* **Work item**
Your task is to repeat each record verbatim, exactly as it was written.
____
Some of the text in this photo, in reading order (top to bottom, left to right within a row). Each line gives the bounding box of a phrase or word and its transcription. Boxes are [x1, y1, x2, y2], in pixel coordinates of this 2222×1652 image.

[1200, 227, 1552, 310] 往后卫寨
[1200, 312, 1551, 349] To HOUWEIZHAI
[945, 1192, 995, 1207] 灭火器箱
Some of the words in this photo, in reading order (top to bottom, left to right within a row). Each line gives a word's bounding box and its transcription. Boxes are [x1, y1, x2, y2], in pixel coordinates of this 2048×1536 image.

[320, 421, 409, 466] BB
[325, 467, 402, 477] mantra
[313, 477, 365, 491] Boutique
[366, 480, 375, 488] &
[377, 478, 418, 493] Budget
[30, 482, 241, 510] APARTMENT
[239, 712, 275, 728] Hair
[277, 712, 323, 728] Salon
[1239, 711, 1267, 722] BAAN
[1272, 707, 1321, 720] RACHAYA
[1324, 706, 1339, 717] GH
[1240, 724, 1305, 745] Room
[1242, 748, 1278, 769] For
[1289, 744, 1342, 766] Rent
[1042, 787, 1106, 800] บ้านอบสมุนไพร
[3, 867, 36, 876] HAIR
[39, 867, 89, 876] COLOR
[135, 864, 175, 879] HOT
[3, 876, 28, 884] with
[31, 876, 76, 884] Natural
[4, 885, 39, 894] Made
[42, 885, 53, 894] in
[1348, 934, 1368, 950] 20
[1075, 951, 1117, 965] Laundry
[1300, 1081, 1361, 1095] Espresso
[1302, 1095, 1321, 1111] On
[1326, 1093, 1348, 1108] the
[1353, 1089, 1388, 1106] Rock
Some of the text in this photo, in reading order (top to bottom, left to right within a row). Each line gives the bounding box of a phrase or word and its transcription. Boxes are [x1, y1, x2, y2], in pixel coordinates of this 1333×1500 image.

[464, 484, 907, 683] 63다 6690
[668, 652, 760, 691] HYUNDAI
____
* **Task answer**
Some of the text in this photo, in reading order (top to bottom, left to right within a row). Each line gives the bounding box of a phrase or word and its transcription. Boxes are [x1, y1, x2, y2], in pixel coordinates of this 2222×1652 image.

[1200, 227, 1552, 310] 往后卫寨
[1200, 312, 1551, 349] To HOUWEIZHAI
[945, 1192, 995, 1207] 灭火器箱
Some of the words in this photo, in reading order (top to bottom, left to right within a row). Each line gives a word's bounding box and its transcription. Boxes are [x1, y1, x2, y2], in pixel coordinates of this 2048×1536 image.

[320, 421, 409, 466] BB
[325, 467, 402, 477] mantra
[313, 477, 365, 491] Boutique
[366, 480, 375, 488] &
[377, 478, 418, 493] Budget
[30, 482, 241, 510] APARTMENT
[239, 712, 275, 728] Hair
[277, 712, 323, 728] Salon
[1239, 711, 1267, 722] BAAN
[1272, 707, 1321, 720] RACHAYA
[1324, 706, 1339, 717] GH
[1240, 724, 1305, 745] Room
[1242, 748, 1278, 769] For
[1289, 744, 1342, 766] Rent
[1042, 787, 1106, 800] บ้านอบสมุนไพร
[3, 867, 36, 876] HAIR
[39, 867, 89, 876] COLOR
[135, 864, 175, 879] HOT
[3, 876, 28, 884] with
[31, 876, 76, 884] Natural
[4, 885, 39, 894] Made
[42, 885, 53, 894] in
[1348, 934, 1368, 950] 20
[1075, 951, 1117, 965] Laundry
[1300, 1081, 1361, 1095] Espresso
[1302, 1095, 1321, 1111] On
[1326, 1093, 1348, 1108] the
[1353, 1089, 1388, 1106] Rock
Some of the text in this photo, in reading order (top to bottom, left to right within a row). Each line gives the bounding box of a phrase or word and its transcription. Boxes are [x1, y1, x2, y2], in pixel coordinates of this 1333×1500 image.

[464, 484, 907, 683] 63다 6690
[668, 652, 760, 691] HYUNDAI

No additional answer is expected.